Ok, I think we agree - I'm not against some write failures, I just
worry about "too many" (where I can't define "too many" ;-) of them,
since each write failure doesn't make any progress in reclaiming
memory for the process(es) that are waiting for it.

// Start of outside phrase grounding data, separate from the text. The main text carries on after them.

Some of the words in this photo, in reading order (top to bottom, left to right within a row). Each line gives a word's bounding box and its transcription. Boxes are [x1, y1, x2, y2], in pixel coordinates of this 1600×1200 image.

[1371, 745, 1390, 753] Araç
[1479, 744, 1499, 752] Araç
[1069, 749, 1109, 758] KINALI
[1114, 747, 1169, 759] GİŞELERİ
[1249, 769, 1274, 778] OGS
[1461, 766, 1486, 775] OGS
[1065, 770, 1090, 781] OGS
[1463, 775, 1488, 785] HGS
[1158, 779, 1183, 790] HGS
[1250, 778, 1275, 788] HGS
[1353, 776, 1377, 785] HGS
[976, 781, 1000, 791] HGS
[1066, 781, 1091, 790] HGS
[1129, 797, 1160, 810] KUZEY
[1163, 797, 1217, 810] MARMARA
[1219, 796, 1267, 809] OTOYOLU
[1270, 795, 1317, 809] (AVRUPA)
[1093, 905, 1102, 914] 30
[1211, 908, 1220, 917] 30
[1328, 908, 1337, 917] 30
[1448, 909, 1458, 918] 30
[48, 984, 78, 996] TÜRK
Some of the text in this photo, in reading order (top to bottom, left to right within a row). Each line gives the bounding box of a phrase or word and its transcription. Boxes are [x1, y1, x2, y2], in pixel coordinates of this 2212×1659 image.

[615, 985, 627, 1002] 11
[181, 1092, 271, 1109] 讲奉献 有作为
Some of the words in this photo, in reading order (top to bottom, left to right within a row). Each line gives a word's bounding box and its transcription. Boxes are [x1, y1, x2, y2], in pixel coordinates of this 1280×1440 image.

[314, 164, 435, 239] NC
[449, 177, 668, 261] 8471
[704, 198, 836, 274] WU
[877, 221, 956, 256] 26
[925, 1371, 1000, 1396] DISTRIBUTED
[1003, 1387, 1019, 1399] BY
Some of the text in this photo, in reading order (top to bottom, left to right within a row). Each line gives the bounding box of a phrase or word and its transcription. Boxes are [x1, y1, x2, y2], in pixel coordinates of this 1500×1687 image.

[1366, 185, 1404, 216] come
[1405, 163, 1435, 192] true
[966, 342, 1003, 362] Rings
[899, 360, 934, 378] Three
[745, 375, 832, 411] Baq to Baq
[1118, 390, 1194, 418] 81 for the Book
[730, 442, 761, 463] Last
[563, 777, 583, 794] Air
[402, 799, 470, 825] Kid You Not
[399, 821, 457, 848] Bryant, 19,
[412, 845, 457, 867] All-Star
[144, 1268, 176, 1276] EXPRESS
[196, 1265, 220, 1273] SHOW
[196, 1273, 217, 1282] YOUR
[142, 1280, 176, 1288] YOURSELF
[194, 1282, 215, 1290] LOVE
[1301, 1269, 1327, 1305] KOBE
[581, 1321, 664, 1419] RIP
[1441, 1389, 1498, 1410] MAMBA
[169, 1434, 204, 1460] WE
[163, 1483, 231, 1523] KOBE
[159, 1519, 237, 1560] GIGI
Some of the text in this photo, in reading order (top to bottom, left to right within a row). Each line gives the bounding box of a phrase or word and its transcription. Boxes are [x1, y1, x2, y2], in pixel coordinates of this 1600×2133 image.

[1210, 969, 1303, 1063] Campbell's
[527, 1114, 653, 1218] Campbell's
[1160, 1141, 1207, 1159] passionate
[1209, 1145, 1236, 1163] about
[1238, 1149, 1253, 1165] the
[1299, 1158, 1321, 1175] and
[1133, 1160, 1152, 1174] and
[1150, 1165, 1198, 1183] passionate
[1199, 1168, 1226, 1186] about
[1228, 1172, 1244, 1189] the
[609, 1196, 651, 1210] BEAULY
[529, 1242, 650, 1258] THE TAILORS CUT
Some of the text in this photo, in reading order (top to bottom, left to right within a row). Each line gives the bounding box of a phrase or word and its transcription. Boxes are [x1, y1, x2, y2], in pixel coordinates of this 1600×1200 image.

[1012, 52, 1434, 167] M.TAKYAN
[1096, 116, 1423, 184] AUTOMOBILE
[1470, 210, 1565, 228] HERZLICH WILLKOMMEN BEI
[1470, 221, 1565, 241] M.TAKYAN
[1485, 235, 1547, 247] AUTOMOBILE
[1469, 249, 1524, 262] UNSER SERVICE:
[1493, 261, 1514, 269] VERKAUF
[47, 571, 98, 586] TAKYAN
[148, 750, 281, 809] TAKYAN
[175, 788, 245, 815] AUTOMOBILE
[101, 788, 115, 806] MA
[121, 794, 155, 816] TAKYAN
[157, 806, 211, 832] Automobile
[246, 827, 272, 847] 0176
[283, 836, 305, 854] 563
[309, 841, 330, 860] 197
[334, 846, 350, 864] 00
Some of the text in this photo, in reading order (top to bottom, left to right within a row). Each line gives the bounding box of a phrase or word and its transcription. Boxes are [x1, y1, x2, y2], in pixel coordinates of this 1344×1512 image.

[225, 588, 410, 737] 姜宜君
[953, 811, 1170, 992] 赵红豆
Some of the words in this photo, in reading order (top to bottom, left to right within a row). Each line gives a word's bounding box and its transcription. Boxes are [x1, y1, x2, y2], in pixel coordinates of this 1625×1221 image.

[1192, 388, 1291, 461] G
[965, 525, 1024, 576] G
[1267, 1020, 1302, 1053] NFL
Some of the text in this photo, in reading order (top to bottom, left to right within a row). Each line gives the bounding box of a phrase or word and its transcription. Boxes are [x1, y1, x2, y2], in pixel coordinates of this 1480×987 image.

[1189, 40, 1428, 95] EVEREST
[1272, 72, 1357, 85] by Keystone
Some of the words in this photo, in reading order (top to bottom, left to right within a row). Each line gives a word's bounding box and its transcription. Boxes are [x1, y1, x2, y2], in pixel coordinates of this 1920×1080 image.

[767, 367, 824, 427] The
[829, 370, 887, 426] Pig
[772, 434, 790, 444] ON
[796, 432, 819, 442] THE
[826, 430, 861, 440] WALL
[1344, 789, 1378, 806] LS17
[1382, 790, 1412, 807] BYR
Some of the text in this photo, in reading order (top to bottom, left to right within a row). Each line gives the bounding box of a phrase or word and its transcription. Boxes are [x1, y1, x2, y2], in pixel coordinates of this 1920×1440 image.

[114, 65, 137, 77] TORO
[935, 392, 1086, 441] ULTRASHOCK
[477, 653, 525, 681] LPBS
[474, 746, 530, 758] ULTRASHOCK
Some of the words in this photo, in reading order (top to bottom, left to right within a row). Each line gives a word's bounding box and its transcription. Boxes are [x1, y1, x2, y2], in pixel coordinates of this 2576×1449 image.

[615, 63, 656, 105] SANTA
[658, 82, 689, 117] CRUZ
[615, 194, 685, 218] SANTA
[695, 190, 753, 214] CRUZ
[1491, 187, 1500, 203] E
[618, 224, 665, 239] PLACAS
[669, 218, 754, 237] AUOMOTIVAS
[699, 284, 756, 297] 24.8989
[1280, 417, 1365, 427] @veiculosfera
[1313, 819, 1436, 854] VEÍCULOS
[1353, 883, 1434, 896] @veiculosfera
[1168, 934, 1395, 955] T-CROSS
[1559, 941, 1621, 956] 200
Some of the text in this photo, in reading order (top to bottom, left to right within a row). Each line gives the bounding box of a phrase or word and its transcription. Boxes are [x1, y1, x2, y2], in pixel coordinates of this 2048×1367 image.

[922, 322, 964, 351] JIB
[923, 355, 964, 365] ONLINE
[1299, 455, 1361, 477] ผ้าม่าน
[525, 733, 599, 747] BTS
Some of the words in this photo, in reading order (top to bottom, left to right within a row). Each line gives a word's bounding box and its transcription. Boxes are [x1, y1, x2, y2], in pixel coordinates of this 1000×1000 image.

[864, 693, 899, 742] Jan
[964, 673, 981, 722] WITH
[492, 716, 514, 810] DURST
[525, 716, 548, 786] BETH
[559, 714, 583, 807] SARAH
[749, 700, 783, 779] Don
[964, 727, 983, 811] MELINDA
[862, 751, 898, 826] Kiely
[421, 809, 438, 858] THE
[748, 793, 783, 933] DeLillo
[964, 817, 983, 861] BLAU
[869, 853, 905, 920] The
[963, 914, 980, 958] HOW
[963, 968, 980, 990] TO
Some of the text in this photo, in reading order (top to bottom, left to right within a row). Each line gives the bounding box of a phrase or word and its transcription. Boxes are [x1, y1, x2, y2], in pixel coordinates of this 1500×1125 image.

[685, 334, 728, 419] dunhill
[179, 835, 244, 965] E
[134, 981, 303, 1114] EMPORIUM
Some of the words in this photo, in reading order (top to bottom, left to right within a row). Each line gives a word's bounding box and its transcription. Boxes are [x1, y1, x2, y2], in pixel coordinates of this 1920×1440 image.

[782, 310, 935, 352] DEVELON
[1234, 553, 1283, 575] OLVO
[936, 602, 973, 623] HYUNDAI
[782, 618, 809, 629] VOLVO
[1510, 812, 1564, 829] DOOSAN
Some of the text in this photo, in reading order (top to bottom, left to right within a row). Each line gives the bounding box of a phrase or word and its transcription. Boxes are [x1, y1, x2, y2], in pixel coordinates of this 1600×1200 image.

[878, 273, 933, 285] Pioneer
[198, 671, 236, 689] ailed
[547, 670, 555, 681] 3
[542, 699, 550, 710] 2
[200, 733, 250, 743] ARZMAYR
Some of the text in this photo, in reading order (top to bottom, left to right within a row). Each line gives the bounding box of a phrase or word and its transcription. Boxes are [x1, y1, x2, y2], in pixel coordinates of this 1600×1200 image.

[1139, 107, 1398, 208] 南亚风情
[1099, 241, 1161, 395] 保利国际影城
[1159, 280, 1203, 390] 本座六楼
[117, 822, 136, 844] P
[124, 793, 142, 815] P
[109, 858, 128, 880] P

Also when you got the write errors, I assume you saw a lot of:
Write-error on swap-device (%u:%u:%Lu)
messages? Obviously that's expected, but maybe it would be good to
add a check for swap_hint IS_FULL there, and skip printing the alert
if so...?
>
>>
>> If write failures are the direction you go, then IMHO there should *at
>> least* be a zram parameter to allow the admin to choose to immediately
>> fail or continue with write failures.
>
> Agree.
>
>>
>>
>> >
>> >>
>> >> Since there may be different use cases that desire different things,
>> >> maybe there should be a zram runtime (or buildtime) config to choose
>> >> exactly how it decides it's full? Either full after N write failures,
>> >> or full when alloced>limit? That would allow the user to either defer
>> >> getting full as long as possible (at the possible cost of system
>> >> unresponsiveness during those write failures), or to just move
>> >> immediately to zram being full as soon as it can't guarantee that each
>> >> write will succeed.
>> >
>> > Hmm, I thought it and was going to post it when I send v1.
>> > My idea was this.
>>
>> what i actually meant was more like this, where ->stop_using_when_full
>> is a user-configurable param:
>>
>> bool zram_is_full(...)
>> {
>> if (zram->stop_using_when_full) {
>> /* for this, allow 1 write to succeed past limit_pages */
>> return zs_get_total_pages(zram) > zram->limit_pages;
>> } else {
>> return zram->alloc_fail > ALLOC_FAIL_THRESHOLD;
>> }
>> }
>
> To me, it's too simple so there is no chance to control zram fullness.
> How about this one?
>
> bool zram_is_full(...)
> {
> unsigned long total_pages;
> if (!zram->limit_pages)
> return false;
>
> total_pages = zs_get_total_pages(zram);
> if (total_pages >= zram->limit_pages &&
Just to clarify - this also implies that zram_bvec_write() will allow
(at least) one write to succeed past limit_pages (which I agree
with)...
> (100 * (compr_data_size >> PAGE_SHIFT) / total_pages) > FRAG_THRESH_HOLD)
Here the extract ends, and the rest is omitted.